Il y eut Dany, à son chevet à la suite de son deuxième infarctus (Tibet en collectionna quatre), et à qui le dessinateur de Ric Hochet disait un peu dépité : « Je n’ai rien trouvé à dire comme « mot de la fin. ». Tel était Tibet, toujours à rire de tout et qui appliquait à la lettre cette sentence de Paul Léautaud : « Au-dessus du devoir, il y a le bonheur. »
Dans les hommages qui lui ont été rendus, j’ai retenu celui du Tagesblatt qui titrait, en faisant référence à la philosophie de vie heureuse qui était la sienne : "Disparition du Dalaï-Lama de la BD".
Comment j’ai rencontré Tibet
J’ai notamment pu raconter auprès de quelques personnes présentes comment j’ai rencontré Tibet pour la première fois.
Nous avions 13 ou 14 ans.
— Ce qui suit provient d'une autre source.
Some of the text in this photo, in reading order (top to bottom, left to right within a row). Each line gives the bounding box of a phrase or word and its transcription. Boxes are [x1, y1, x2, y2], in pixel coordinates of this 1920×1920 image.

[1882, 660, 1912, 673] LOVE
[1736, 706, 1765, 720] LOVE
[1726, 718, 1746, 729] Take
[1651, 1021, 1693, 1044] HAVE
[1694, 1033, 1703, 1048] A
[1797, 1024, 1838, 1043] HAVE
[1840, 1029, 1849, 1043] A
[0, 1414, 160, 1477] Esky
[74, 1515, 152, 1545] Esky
Mon frère et moi avions repéré dans un épisode de Chick Bill (je crois bien que c’était Route d’acier, mais je n’ai pas l’exemplaire sous la main) que Kid Ordinn et Dog Bull portaient un numéro de matricule étrangement long. On soupçonna que c’était un numéro de téléphone. Avec la candeur de la jeunesse, nous avons entrepris de le former : « - Allo, vous êtes Monsieur Tibet ? –Oui. – Nous avons lu votre numéro de téléphone dans Chick Bill, est-ce qu’on peut passer vous voir ? – Oui. » Nous avons appris en le rencontrant que nous étions les premiers à l’appeler et que l’autre numéro de téléphone était celui d’Albert Weinberg.
Grâce à Tibet, mon frère et moi-même sommes entrés dans le petit monde de la BD, c’est dire si nous lui devions beaucoup. Il nous présenta ses amis : André Franquin, Paul Cuvelier,… Vous imaginez ?
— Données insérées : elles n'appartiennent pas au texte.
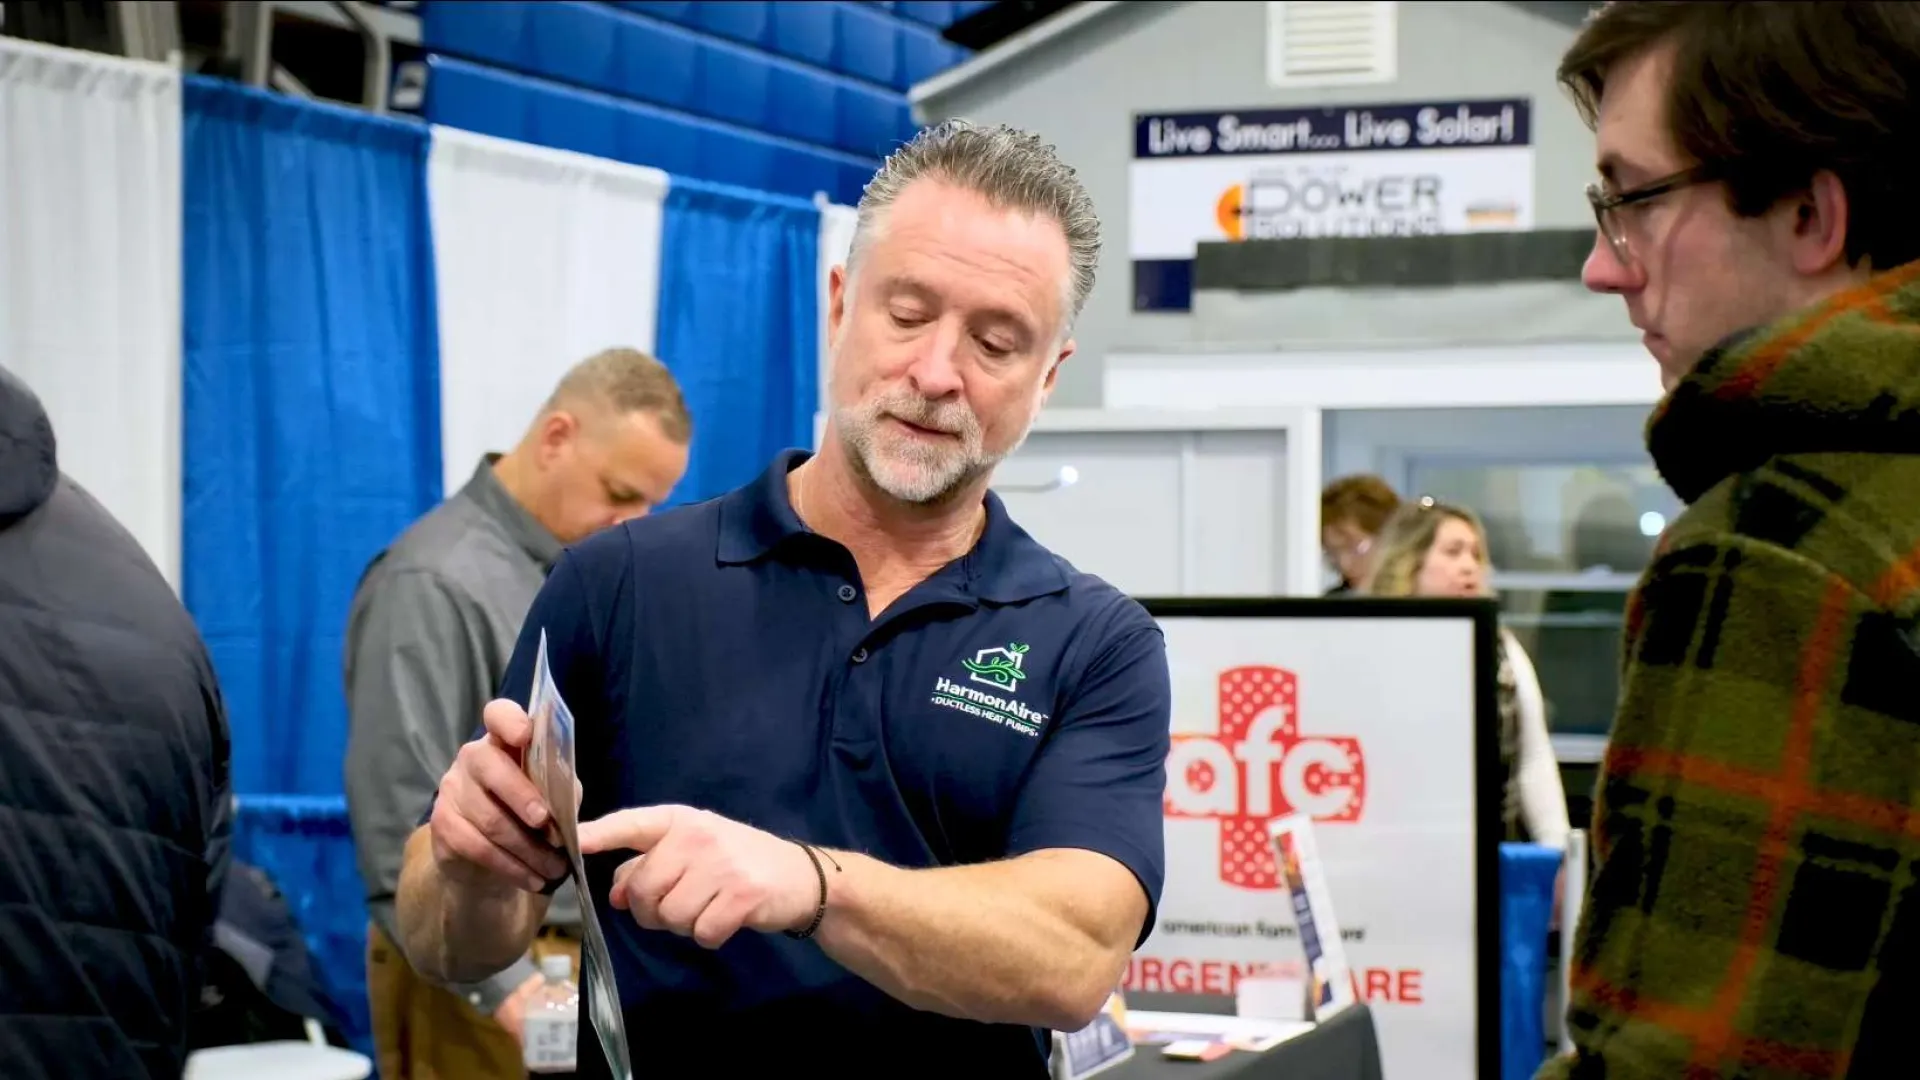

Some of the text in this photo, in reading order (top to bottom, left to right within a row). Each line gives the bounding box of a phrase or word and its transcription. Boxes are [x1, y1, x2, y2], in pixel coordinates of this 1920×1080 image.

[1149, 118, 1211, 154] Live
[1344, 109, 1410, 147] Live
[1416, 104, 1514, 145] Solar!
[981, 710, 1005, 723] HEAT
[1167, 705, 1354, 818] afc
[1255, 920, 1297, 939] fam
Plus tard, quand nous avons lancé notre librairie spécialisée au boulevard Maurice Lemonnier à Bruxelles, nous l’avons tout naturellement intitulée Chic Bull. Il nous fit l’honneur d’en dessiner le logo. Parmi les premiers albums de Magic-Strip, la maison d’édition que mon frère et moi avions fondée en 1979, Tibet figurait au catalogue avec Globul et Mouminet & Alphonse (cosignés par Greg et Goscinny). Nous étions fiers comme des paons.
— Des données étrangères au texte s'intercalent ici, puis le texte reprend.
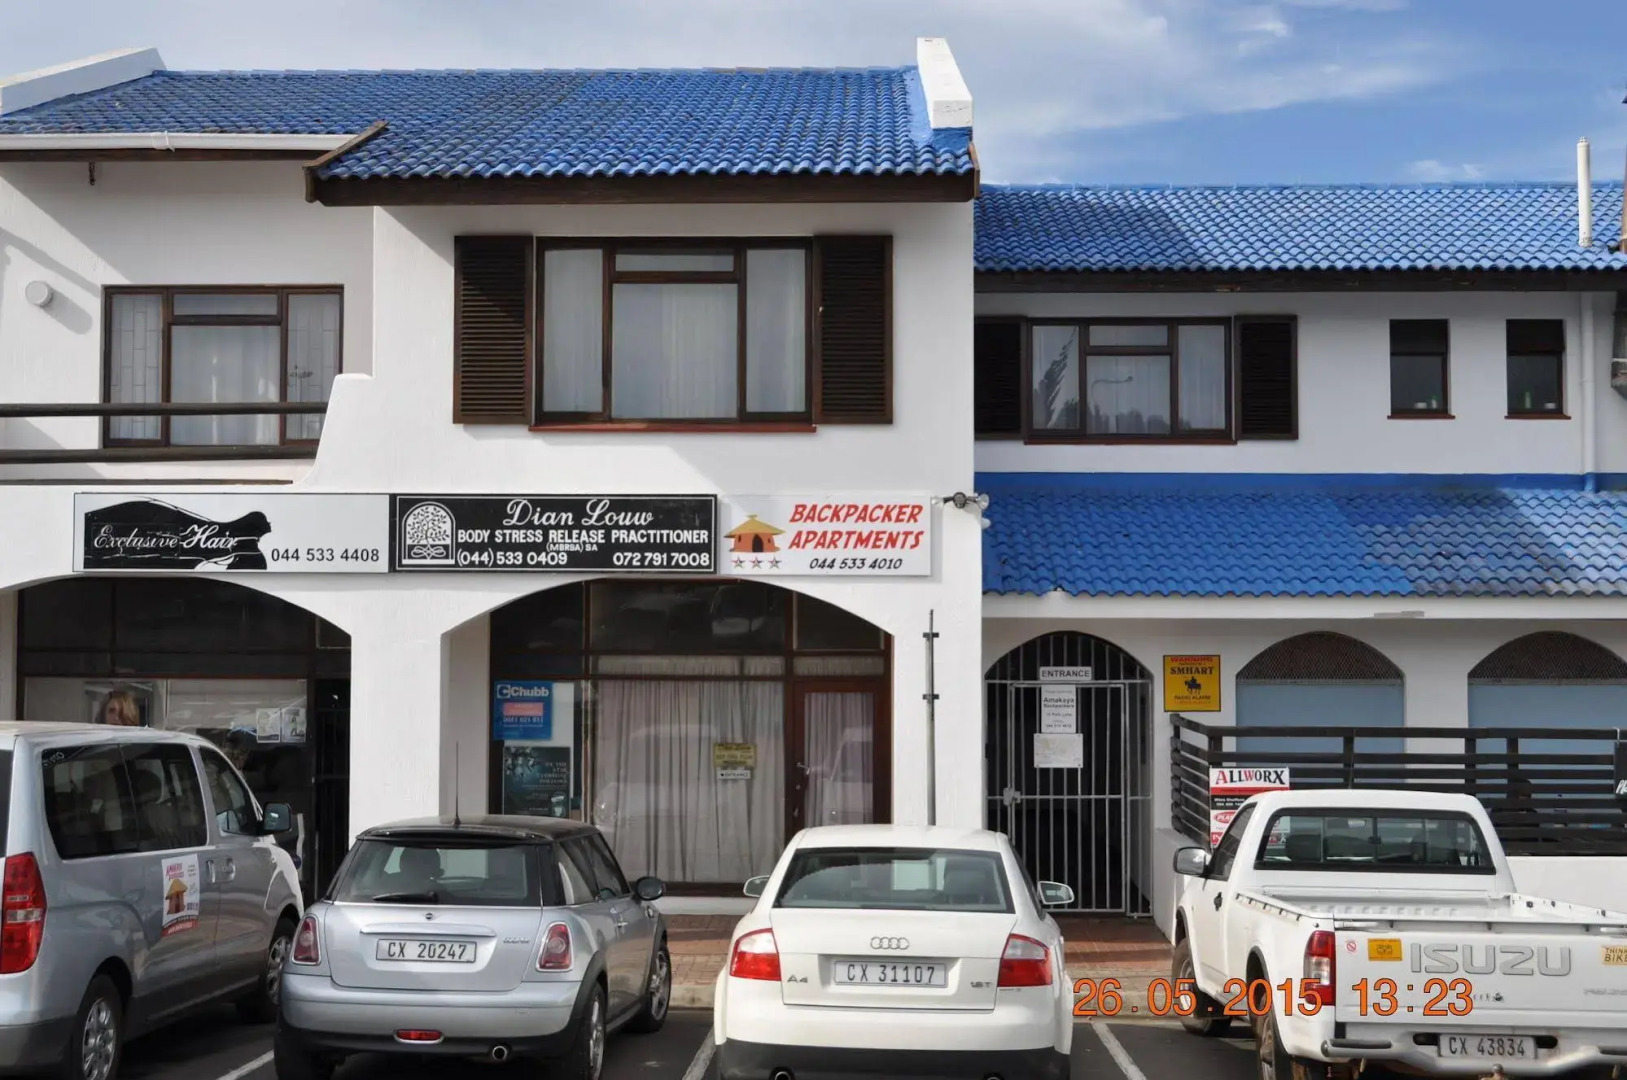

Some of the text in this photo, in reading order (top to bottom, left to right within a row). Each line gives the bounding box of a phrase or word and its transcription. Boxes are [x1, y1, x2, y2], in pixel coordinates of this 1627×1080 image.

[502, 498, 654, 526] Dian Louw
[788, 504, 924, 523] BACKPACKER
[94, 524, 237, 554] Exclusive Hair
[457, 529, 709, 544] BODY STRESS RELEASE PRACTITIONER
[787, 530, 925, 550] APARTMENTS
[271, 548, 380, 562] 044 533 4408
[585, 544, 598, 552] SA
[456, 548, 568, 568] (044) 533 0409
[613, 552, 710, 566] 072 791 7008
[809, 558, 902, 570] 044 533 4010
[1041, 669, 1090, 678] ENTRANCE
[1170, 666, 1214, 675] SMHART
[510, 686, 549, 697] Chubb
[1043, 696, 1074, 704] Amakaya
[1215, 769, 1285, 785] ALLWORX
[387, 942, 467, 960] CX 20247
[1410, 942, 1571, 976] ISUZU
[787, 974, 809, 984] A4
[847, 964, 935, 984] CX 31107
[1447, 1035, 1526, 1057] CX 43834
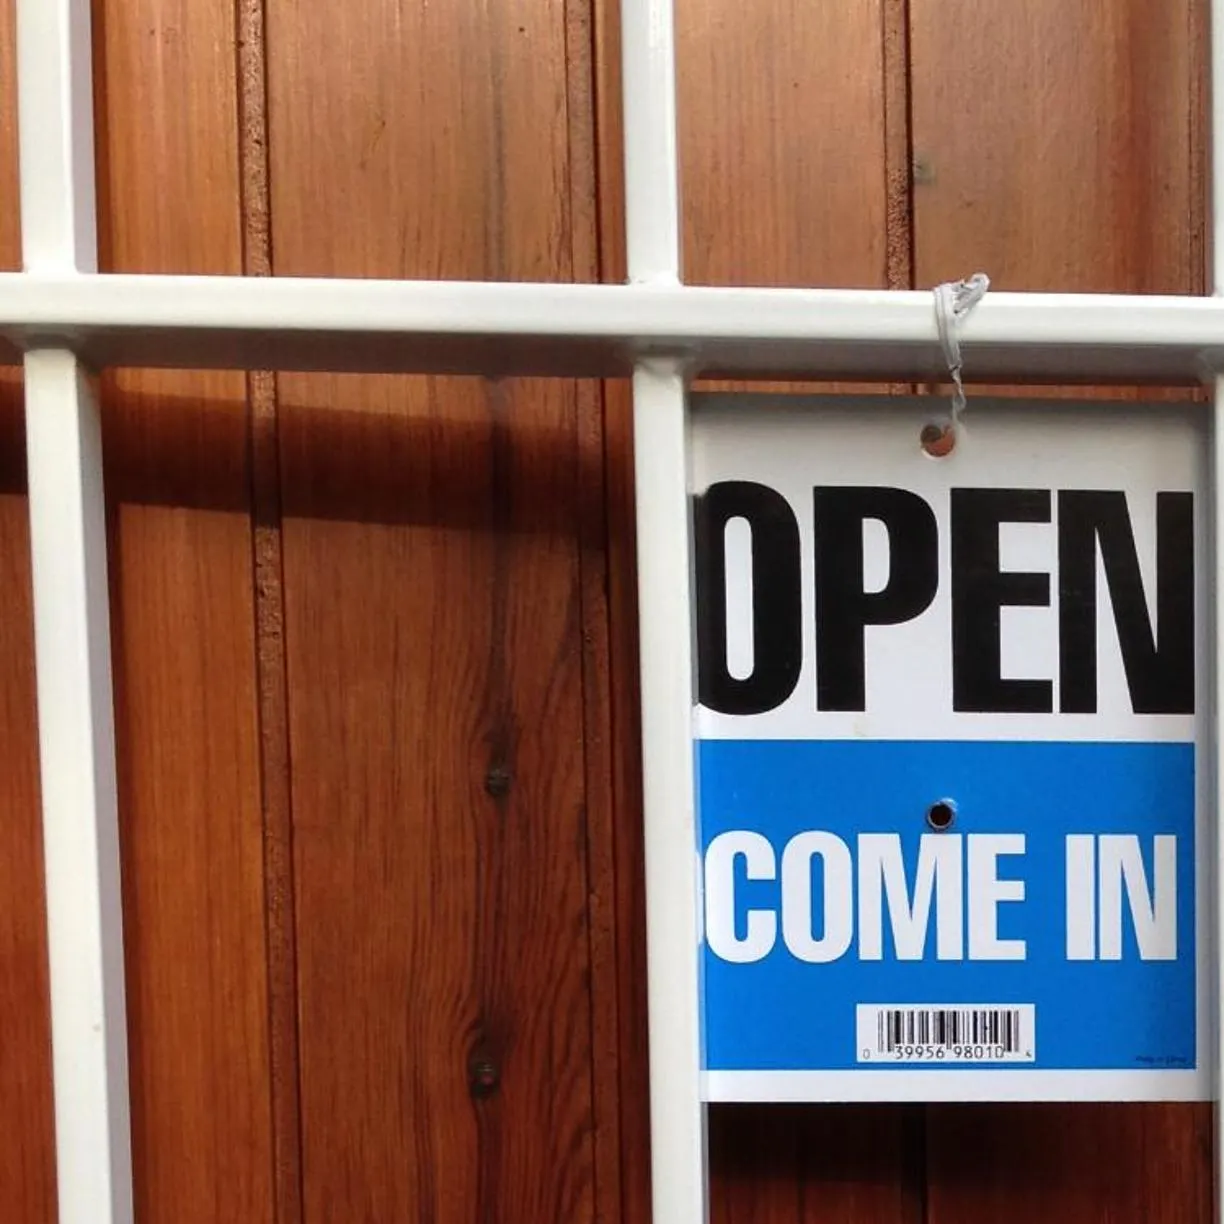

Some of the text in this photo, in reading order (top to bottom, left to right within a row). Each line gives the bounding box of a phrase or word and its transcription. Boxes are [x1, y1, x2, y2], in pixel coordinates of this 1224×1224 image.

[695, 480, 1195, 715] OPEN
[704, 830, 1177, 963] COME IN
[895, 1045, 946, 1060] 39956
[953, 1045, 1005, 1060] 98010
C’est pourquoi je n’oublierai jamais Tibet, mon ami. Je suis heureux d’avoir pu grandir à la lumière de sa bonne humeur rayonnante.
Un maillon essentiel
Je reviens sur l’intitulé de mon article qui rappelle que Tibet ne prétendait pas au génie, surtout quand il se comparaît à ses amis proches comme Franquin, Uderzo, Peyo ou Goscinny. Il n’a peut-être n’a pas fait, historiquement parlant, « école », puisqu’il se revendiquait lui-même de la tradition d’Hergé et de Disney, mais il joua néanmoins un rôle essentiel dans le paysage de la BD franco-belge. Avec sa production abondante et régulière, il nourrissait le catalogue de l’éditeur de l’avenue Paul-Spaak avec constance. Sa participation à toutes les aventures collectives de la BD belge, notamment sa présence aux côtés du Centre Belge de la BD comme nous le rappelait encore vendredi son directeur Jean Aucquier, toutes ses actions, ont été déterminantes.
Mieux : il lui conservait un public fidèle, toujours ravi de recevoir un nouveau Tintin et un nouveau Blake & Mortimer, mais qui avec le temps avaient appris à attendre les « divas ». Tibet ne faisait jamais la diva. Ses albums étaient chaque année à l’heure, de qualité égale, certains un peu fades, d’autres touchant à ce que l’on pouvait lire de meilleur dans la BD franco-belge. C’était un homme « de troupe », un de ces grognards indispensables qui font gagner les batailles, qui savaient bâtir avec un public nombreux un lien privilégié.
Il était en clair l’un des auteurs éminents de cette « bande dessinée commerciale et populaire » qui nourrit, par sa régularité et par son volume, un réseau de points de vente qui permet encore aujourd’hui à « l’autre bande dessinée », celle dite « d’auteur », d’assurer tout simplement son existence.